Depends on what you want! For heavies and the dynamic lift, i would use heavier weights, Like a sprinter, (quick excursion of power) they are massive. Loads of muscle, where as distance runners are slim, but very toned muscles. Also you have two muscle types, fast and slow muscle twitch fibers.
 
#19
Hmm, I'm worried. I am really determined to suceed for these fitness tests, I just hope I have enough time. If I go to the gym 4-5 times a week, try get my 1.5 mile run done every other day for a few weeks and then try push for 2 miles and so on. I am confident I will do it. I wish I considered joining the army alot earlier, it was a on-the-spot decision. Thought about it for a week and then applied, that was at Easter.
 
#20
I'm not sure if you mentioned it, but did you get an army fitness booklet from your CA? It should have come with a big poster too, which illustrates all the excercises, etc. as well as sets out a good fitness plan.
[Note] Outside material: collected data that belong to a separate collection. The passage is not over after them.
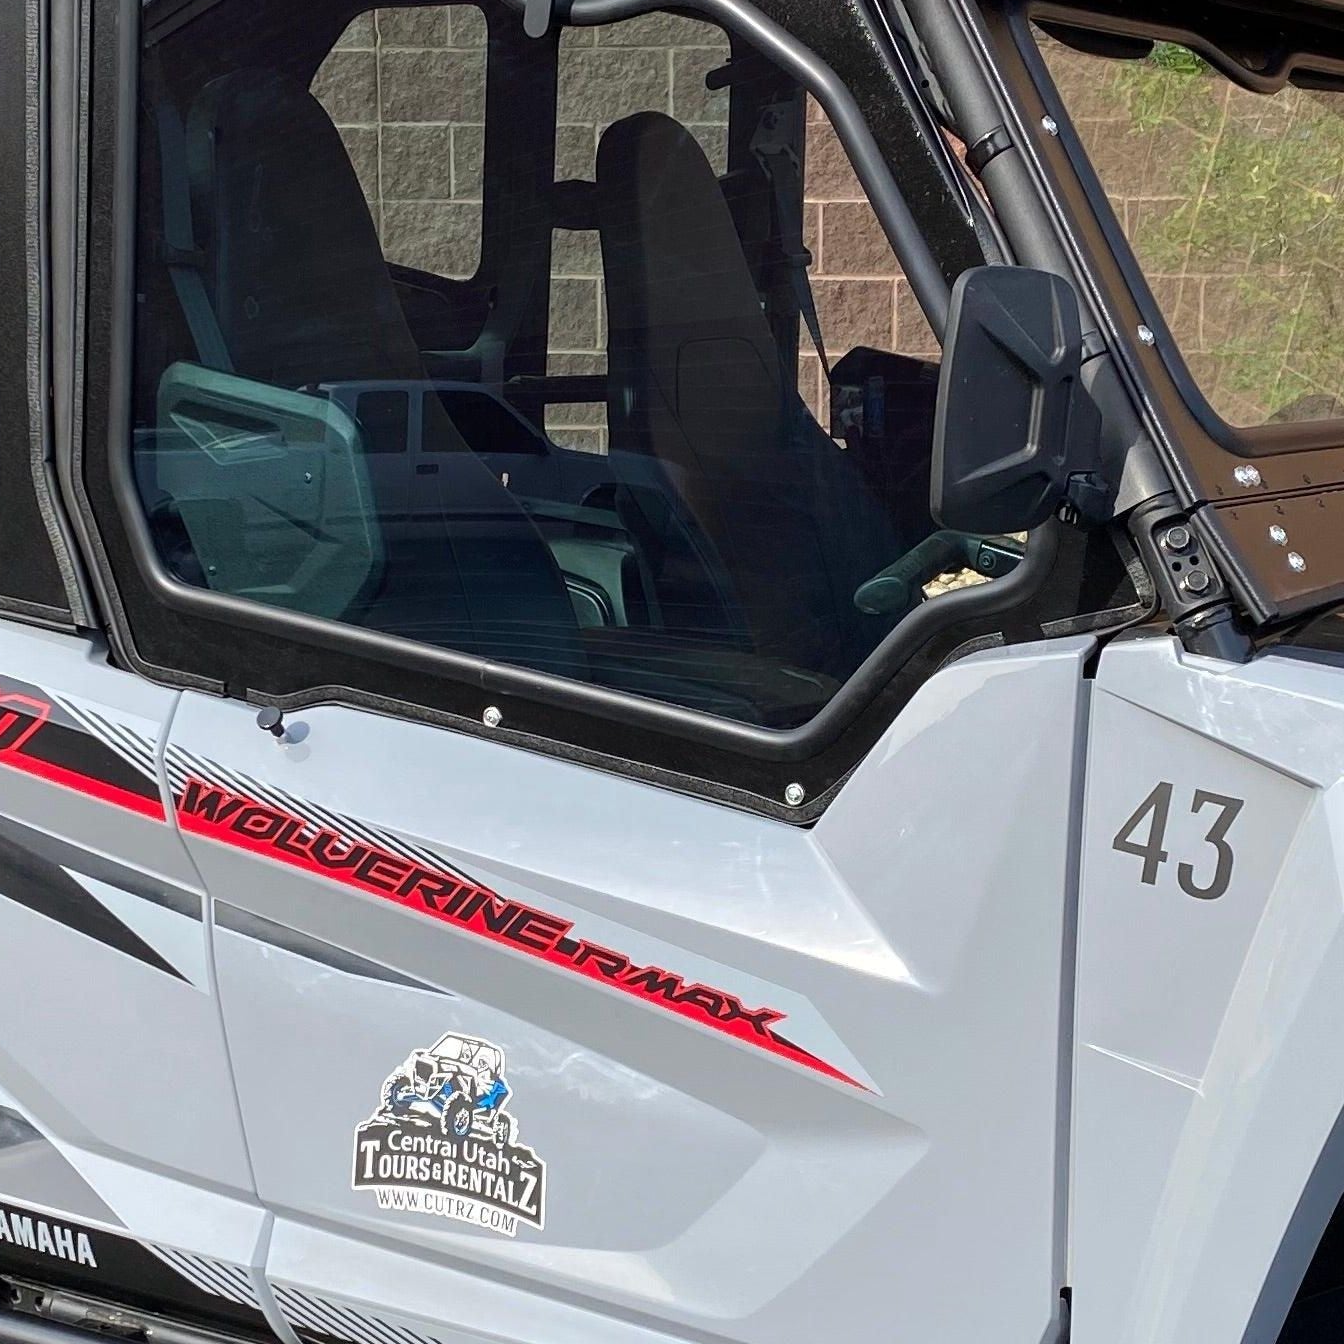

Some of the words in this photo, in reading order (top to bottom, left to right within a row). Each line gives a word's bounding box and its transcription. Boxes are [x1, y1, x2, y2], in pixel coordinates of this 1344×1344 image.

[182, 778, 574, 952] WOLVERINE
[1112, 781, 1244, 900] 43
[388, 1130, 457, 1158] Central
[463, 1140, 511, 1176] Utah
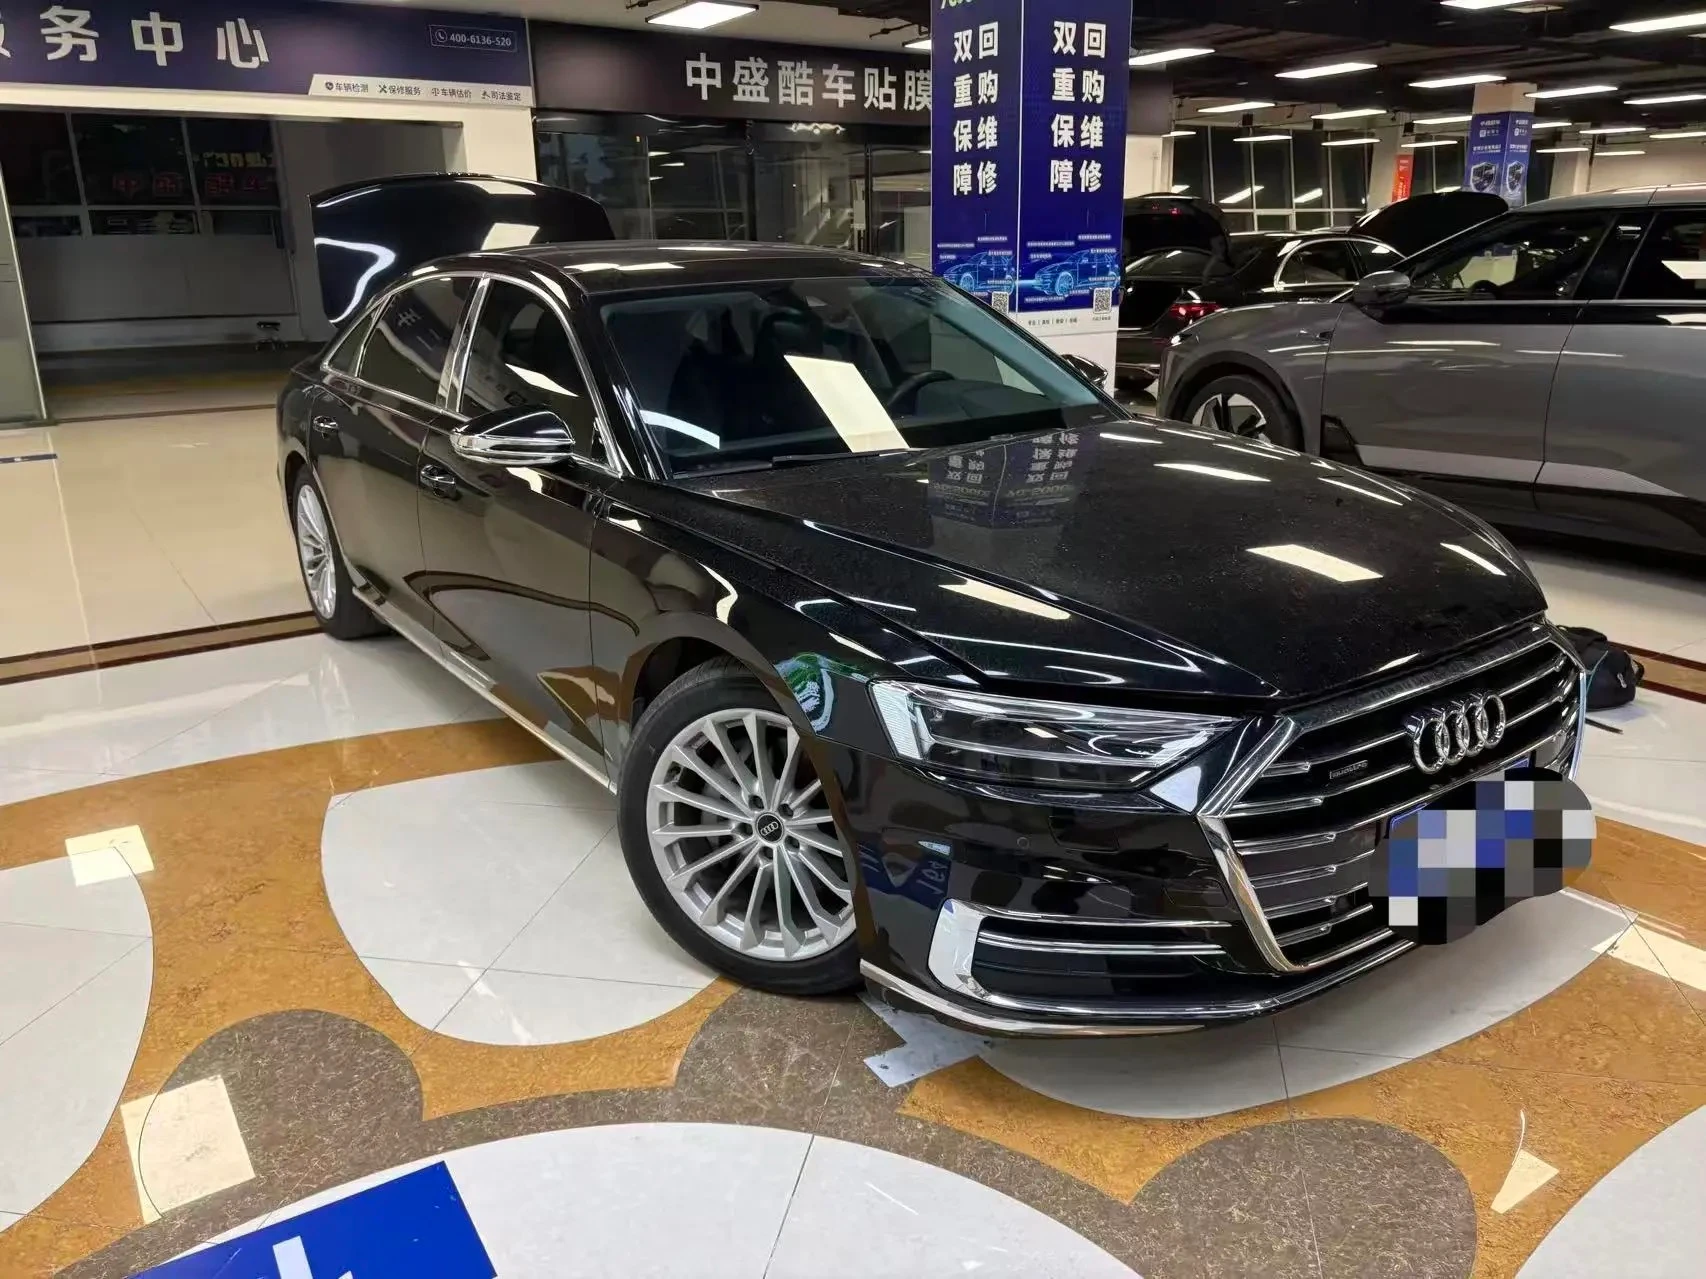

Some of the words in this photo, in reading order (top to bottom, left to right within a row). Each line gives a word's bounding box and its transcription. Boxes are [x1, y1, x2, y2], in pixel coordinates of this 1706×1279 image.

[0, 5, 269, 69] 务中心
[335, 82, 369, 93] 车辆检测
[388, 85, 421, 96] 保修服务
[440, 88, 472, 99] 车辆估价
[491, 91, 522, 101] 司法鉴定
[449, 33, 512, 47] 400-6136-520
[685, 52, 932, 112] 中盛酷车贴膜
[953, 29, 973, 196] 双重保障
[977, 21, 999, 194] 回购维修
[1050, 20, 1077, 193] 双重保障
[1079, 22, 1107, 193] 回购维修
You should at least be trying to follow that, and if you are able to, get in a bit of extra running. Others have said, and are quite right, that you should try and do a 5 mile run each week. It's probably not that important to time yourself, but just keep it at a nice steady pace (not too fast as if your aiming to win a medal ;) ) and not too slow, as it wouldn't be much of a challenge.

About 30-90 minutes after you've excercised, try and get some food into you, like a sandwich with slices of chicken, turkey, ham, some tuna, etc. You'll get the carbs from the bread, and the protein from whatever you put on it. You could also try get in some fruit, such as a banana (high concentration of potassium) and also maybe a yoghurt. The reason you should try and eat something in this 30-90 minute gap is because this is when your body absorbs nutrients, etc. most efficiently :eek:

A lot to take in, I know, but remember - Excercise right, eat right, and don't stress about not getting massive in a couple of weeks! ;)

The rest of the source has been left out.